En France, lattaque contre Gaza de l'hiver 2008-2009 suscite une large prise de conscience et accélère les mobilisations autour de l'appel BDS des palestiniens. De nombreux citoyens s'organisent et mènnte des actions et campagnes coordonnées dans toute la France (Carrefour, Agrexco, Ahava, etc).

Voir notamment le blog de la campagne ici : http://campagneboycott.blogspot.com Une autre expression de cette campagne ici : http://palestine.blog.lemonde.fr

Le cas Agrexco

Une coalition internationale, appuyée par le Boycott National Committee palestinien, s'organise contre le projet d'implantation d'Agrexco à Sète et plus largement contre la présence d'Agrexco en Europe (ports de Savone en Italie et Valence en Espagne, Belgique). Le site de la coalition internationale contre Agrexco : http://www.coalitioncontreagrexco.com

Acteurs et soutiens

Article connexe : Boycott d'Israël.

La campagne est soutenue par des citoyens israéliens[19],[20], des fédérations juives pour une paix juste[15], le président de l’Assemblée générale de l’ONU Miguel d'Escoto Brockmann[18], les intellectuels Naomi Klein[21], l'historien israélien Neve Gordon [22],[23], Jean Bricmont[24], Tariq Ramadan[25], Phyllis Bennis[26]; des universitaires britanniques[27], canadiens[28], ou libanais[29], des syndicats canadiens, britanniques et sud-africains[30].

Le mouvement appelle à un boycott économique, politique, universitaire[31] et culturel. Le boycott culturel est soutenu entre autres par le musicien Roger Waters,[Note 3] les écrivains John Berger, Eduardo Galeano et Arundhati Roy[32],[33], ainsi que par les cinéastes Ken Loach[34] et Jean-Luc Godard[35].

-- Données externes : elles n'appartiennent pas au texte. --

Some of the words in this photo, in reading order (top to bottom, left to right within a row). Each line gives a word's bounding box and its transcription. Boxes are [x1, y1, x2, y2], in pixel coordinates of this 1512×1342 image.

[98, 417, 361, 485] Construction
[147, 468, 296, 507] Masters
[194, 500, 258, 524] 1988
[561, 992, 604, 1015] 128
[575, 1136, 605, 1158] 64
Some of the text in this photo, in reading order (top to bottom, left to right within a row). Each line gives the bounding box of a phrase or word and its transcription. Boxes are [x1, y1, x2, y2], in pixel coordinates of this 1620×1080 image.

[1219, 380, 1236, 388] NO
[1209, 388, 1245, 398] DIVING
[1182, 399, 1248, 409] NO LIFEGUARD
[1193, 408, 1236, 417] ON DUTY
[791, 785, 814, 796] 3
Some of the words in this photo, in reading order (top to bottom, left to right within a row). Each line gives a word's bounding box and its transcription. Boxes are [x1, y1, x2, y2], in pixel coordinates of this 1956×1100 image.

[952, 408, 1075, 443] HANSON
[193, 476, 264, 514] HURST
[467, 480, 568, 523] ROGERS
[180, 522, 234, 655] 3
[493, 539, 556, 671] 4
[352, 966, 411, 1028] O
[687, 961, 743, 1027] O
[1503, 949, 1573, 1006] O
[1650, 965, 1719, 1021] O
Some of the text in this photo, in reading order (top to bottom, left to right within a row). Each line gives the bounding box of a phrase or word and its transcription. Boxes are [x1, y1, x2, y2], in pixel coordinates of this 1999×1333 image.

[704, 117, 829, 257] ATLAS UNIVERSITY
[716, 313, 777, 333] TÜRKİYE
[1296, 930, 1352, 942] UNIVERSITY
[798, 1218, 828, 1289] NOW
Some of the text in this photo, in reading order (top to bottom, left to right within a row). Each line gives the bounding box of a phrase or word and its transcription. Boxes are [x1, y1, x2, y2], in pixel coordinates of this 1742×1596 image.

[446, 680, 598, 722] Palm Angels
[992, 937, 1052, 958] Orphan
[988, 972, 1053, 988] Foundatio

De l'Australie[36] aux Philippines[37] en passant par le Canada ou l'Angleterre, la campagne de BDS est suivie par divers acteurs culturels, universitaires, syndicaux, économiques ou politiques. Le ralliement n'est toutefois pas unanyme[38].

En réaction à la guerre de Gaza 2008-2009, les gouvernements vénézuéliens et boliviens ont initié un boycott politique à partir du 14 janvier 2009[39].

En Irlande, l'appel au boycott est visible d'Israël depuis au moins septembre 2006[40]. Suite aux manifestations de janvier 2009 appelant au boycott[41], l’Irish Times a publié une lettre ouverte le 23 janvier 2009[42] puis le samedi 31 janvier 2009 a publié, en page 5, un « appel irlandais pour une justice en Palestine » recueillant environ 300 signataires, dont des députés, des sénateurs, des leaders politiques (dont Gerry Adams et Tony Benn), des dirigeants de syndicats, des professeurs et des artistes[43]. En France[Note 4] un appel au boycott académique est publié en février 2009 et possède une cinquantaine de signatures[Note 5],[44]. Ils appellent « en premier lieu [à] appliquer un programme de boycott, de cessation des investissements et de sanctions. »[45].

La campagne est renforcée par d'autres initiatives telles le Tribunal Russell sur la Palestine[46].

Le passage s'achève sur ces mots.